Three Imaginary Girls

Seattle's Indie-Pop Press – Music Reviews, Film Reviews, and Big Fun

I became a Hot Chip fan in the summer of 2006 when I heard “Colours” (yes there is a “u,” they’re from London) and fell completely under its synth-drenched spell. Since then, “Over and Over” has been a staple of indie clubs and late-night bedroom dance parties since the band’s second album, The Warning, was released a year ago.

When I saw them at LA’s Troubadour this past August, it was one of the most electrifying sets I’d ever seen. So, I was surprised when their recent set at Webster Hall was repetitive and a little bland, with the exception of a few really great moments. To be fair, I blame that partially on the size of the venue and the fact that New York crowds usually go 50/50 on audience participation – half the crowd will dance to their heart’s content, the other half will stand there like zombies.

The most striking thing about a Hot Chip show is that there's no drummer, only one guitar, and four synthesizers on stage at once. As the shortest member of the band, frontman Alexis Taylor has the Thom Yorke syndrome which had him stand to the far right and sing with huge power in his unique, almost angelic vocals. The rest of the band stood in a straight line across the stage, beginning the set with the calming sound of synthesizers just waking up, which soon grew into a behemoth wall of sound when guitarist/synth player Al Doyle began pounding out 4 repeated notes on his Roland.

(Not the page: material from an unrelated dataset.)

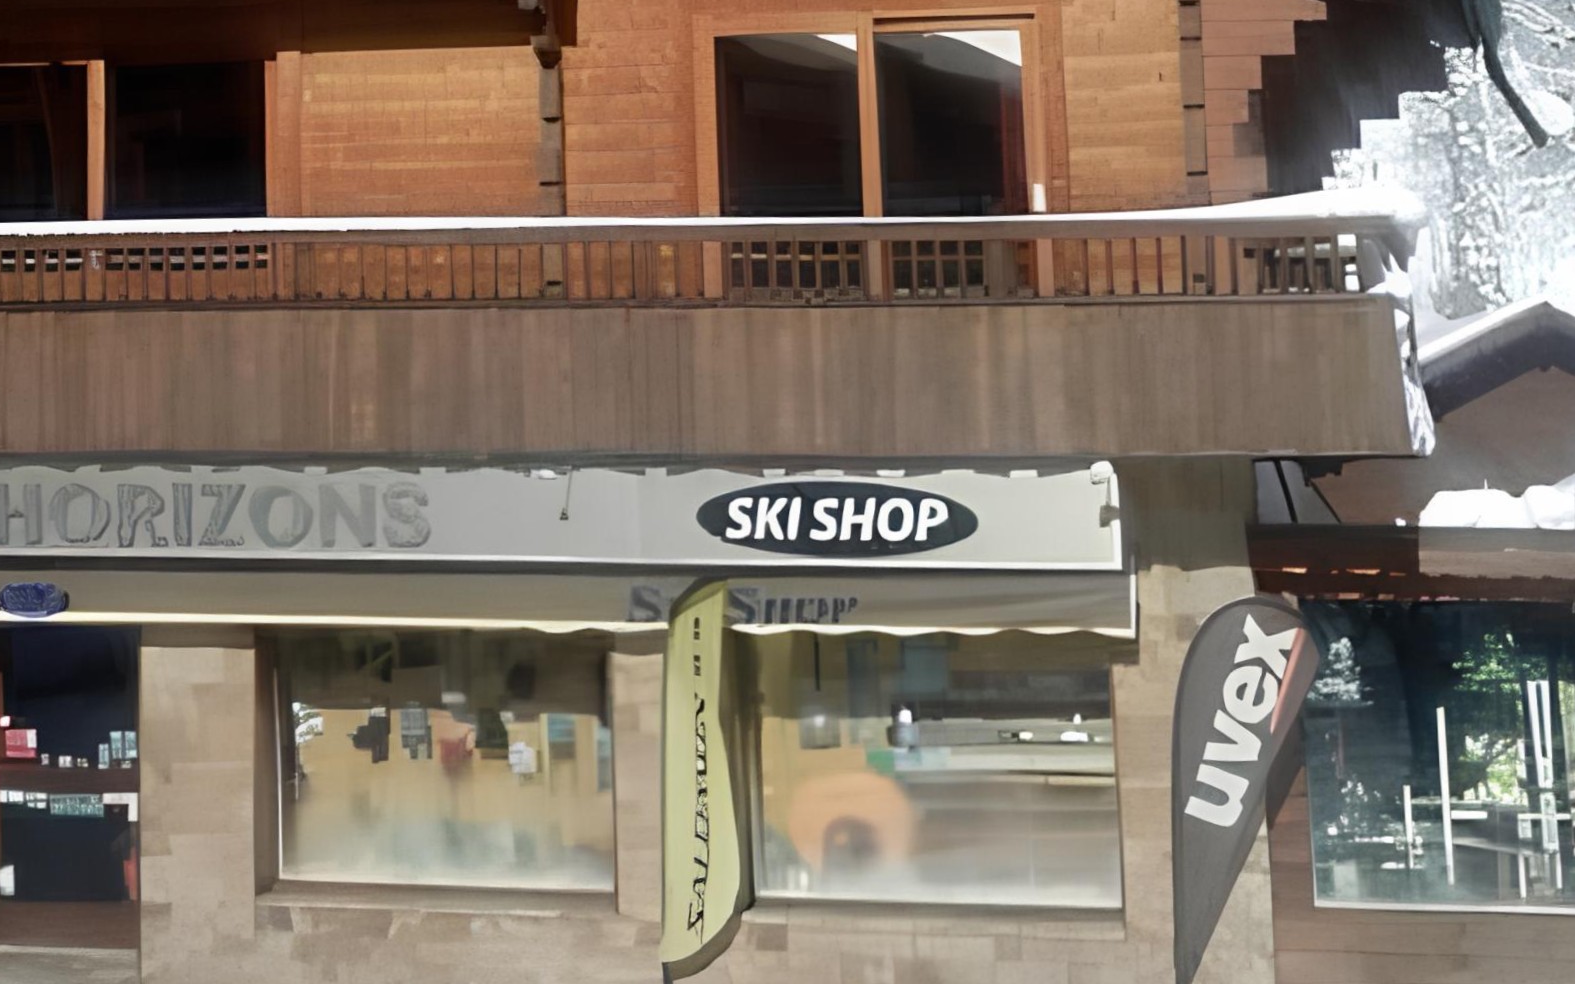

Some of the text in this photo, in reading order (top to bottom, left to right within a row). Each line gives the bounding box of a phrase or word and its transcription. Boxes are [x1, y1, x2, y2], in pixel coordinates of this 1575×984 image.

[725, 496, 950, 542] SKI SHOP
[1184, 613, 1300, 828] uvex

Each song in the hour-long set lasted no less than five minutes each, and it actually became more fun to watch Doyle dance perfectly in sync like a robot with synth player Owen Clarke and drum machine operator Felix Martin to his right, and synth/backing vocalist Joe Goddard to his left. Two of the evening’s highlights were “And I Was A Boy From School” and a cover of New Order’s “Temptation.”

The friend that I’d brought to the show (her first Hot Chip show ever) commented to me about halfway through the set that it was like being at a German nightclub. That comment alone encapsulates the entire problem: the music was better heard than seen. There could have been a DJ on stage playing all of the music the band was playing and it would’ve gotten the same reaction from the audience.

I got the feeling that there were people there who knew other songs besides “Over and Over,” but it was still the proverbial elephant in the room for the entire set. The crowd exploded into a fury and the floor started shaking as the stoned masses (it was Friday, 4/20, after all) jumped around and pumped their fists, screaming the chorus in unison. It was like the end of the world, and we’d all die dancing together.